------ Data for the task
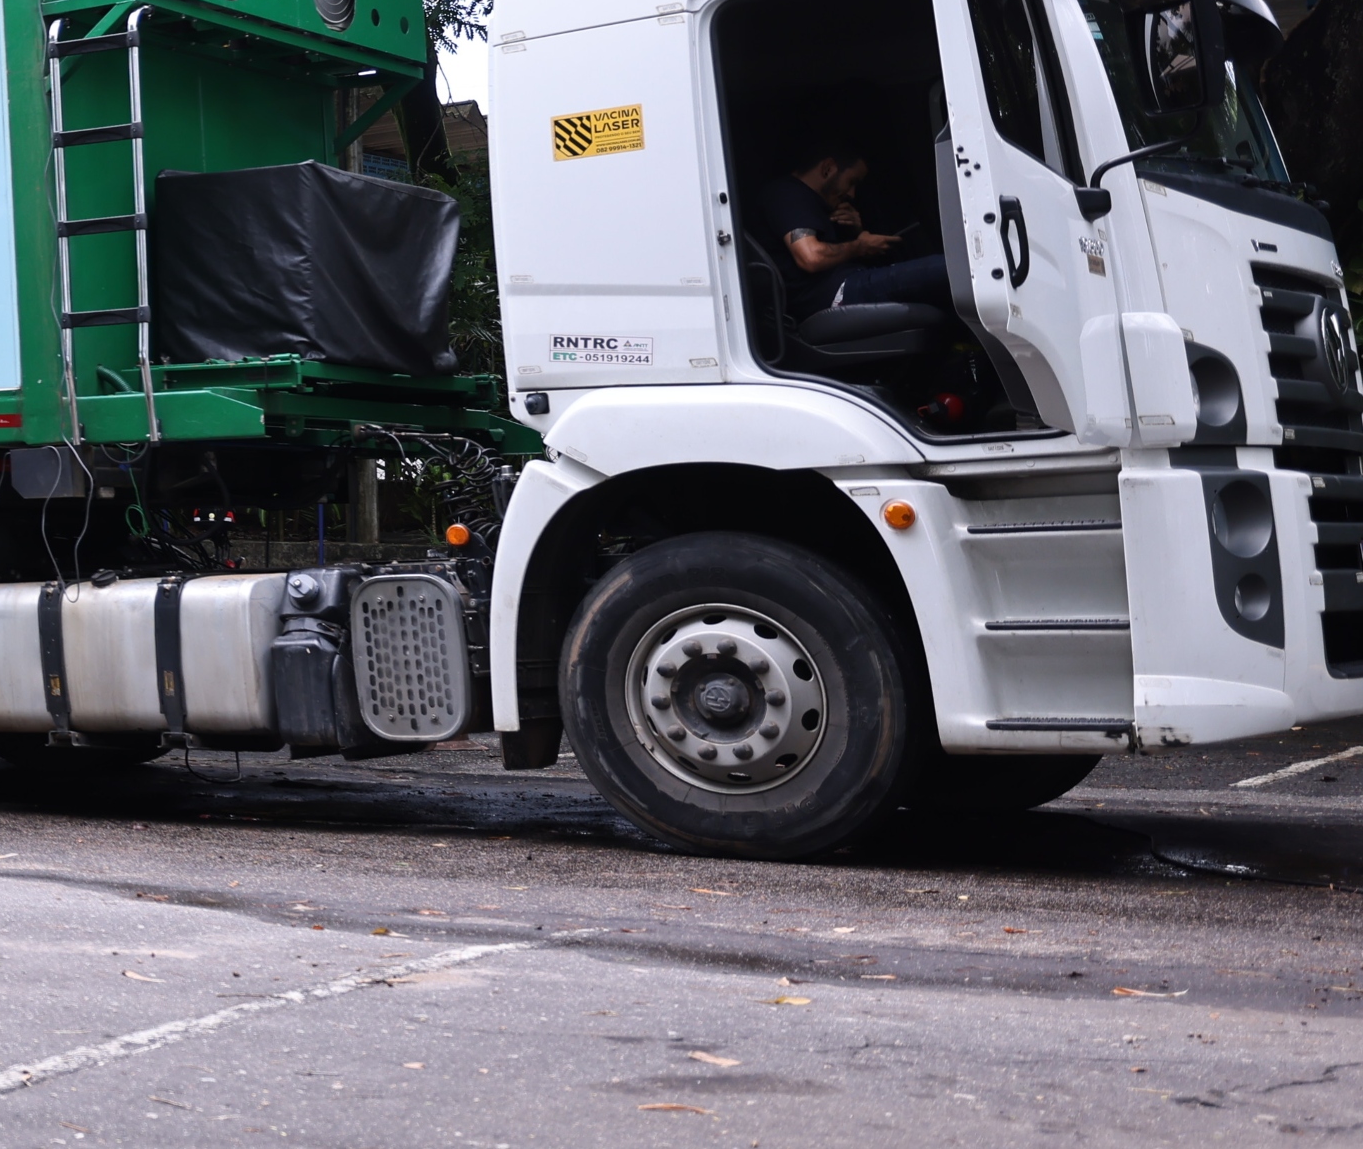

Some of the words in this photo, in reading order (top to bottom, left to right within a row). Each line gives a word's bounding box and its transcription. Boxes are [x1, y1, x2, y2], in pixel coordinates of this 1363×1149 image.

[593, 108, 639, 122] VACINA
[594, 118, 640, 134] LASER
[553, 336, 619, 350] RNTRC
[552, 352, 578, 361] ETC
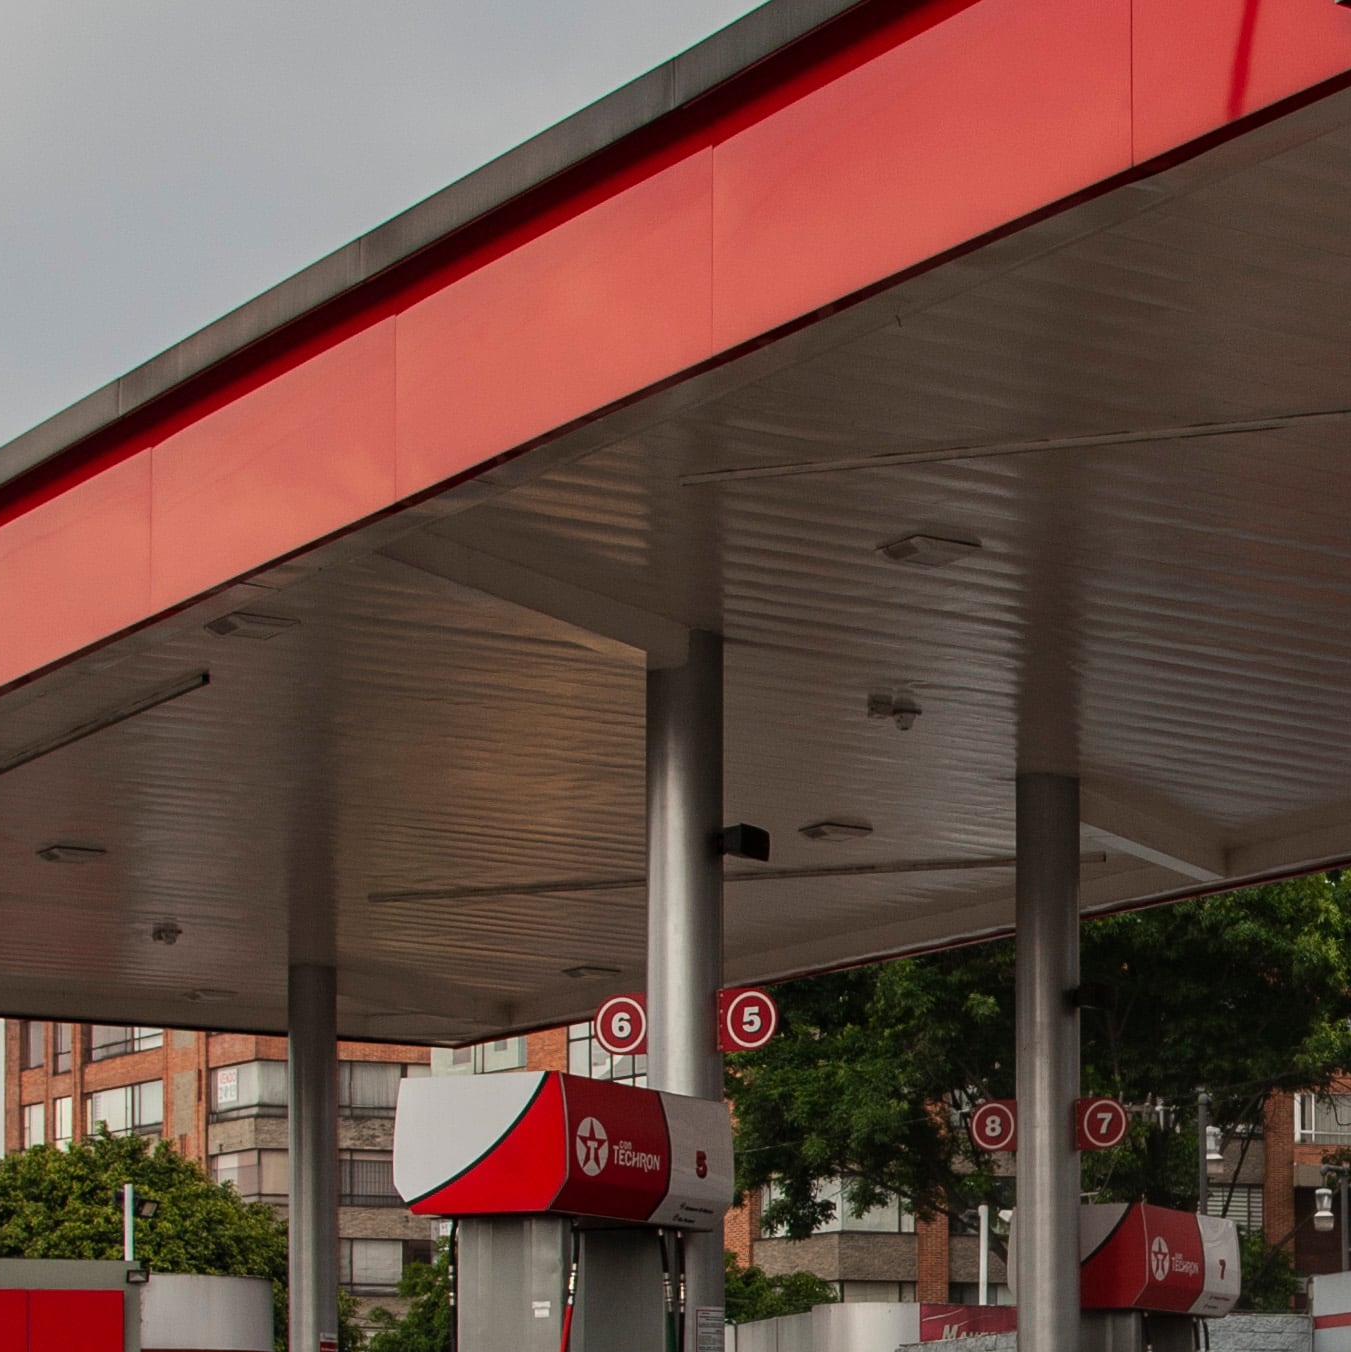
------------
## [Task details]
Please output every record above exactly. Leave the pictures out.

## [Solution to the exercise]
Some of the words in this photo, in reading order (top to bottom, left to right within a row). Each line gives a word's bounding box and its transcription. Boxes are [x1, y1, x2, y2], in pixel coordinates of this 1363×1149 image.

[593, 108, 639, 122] VACINA
[594, 118, 640, 134] LASER
[553, 336, 619, 350] RNTRC
[552, 352, 578, 361] ETC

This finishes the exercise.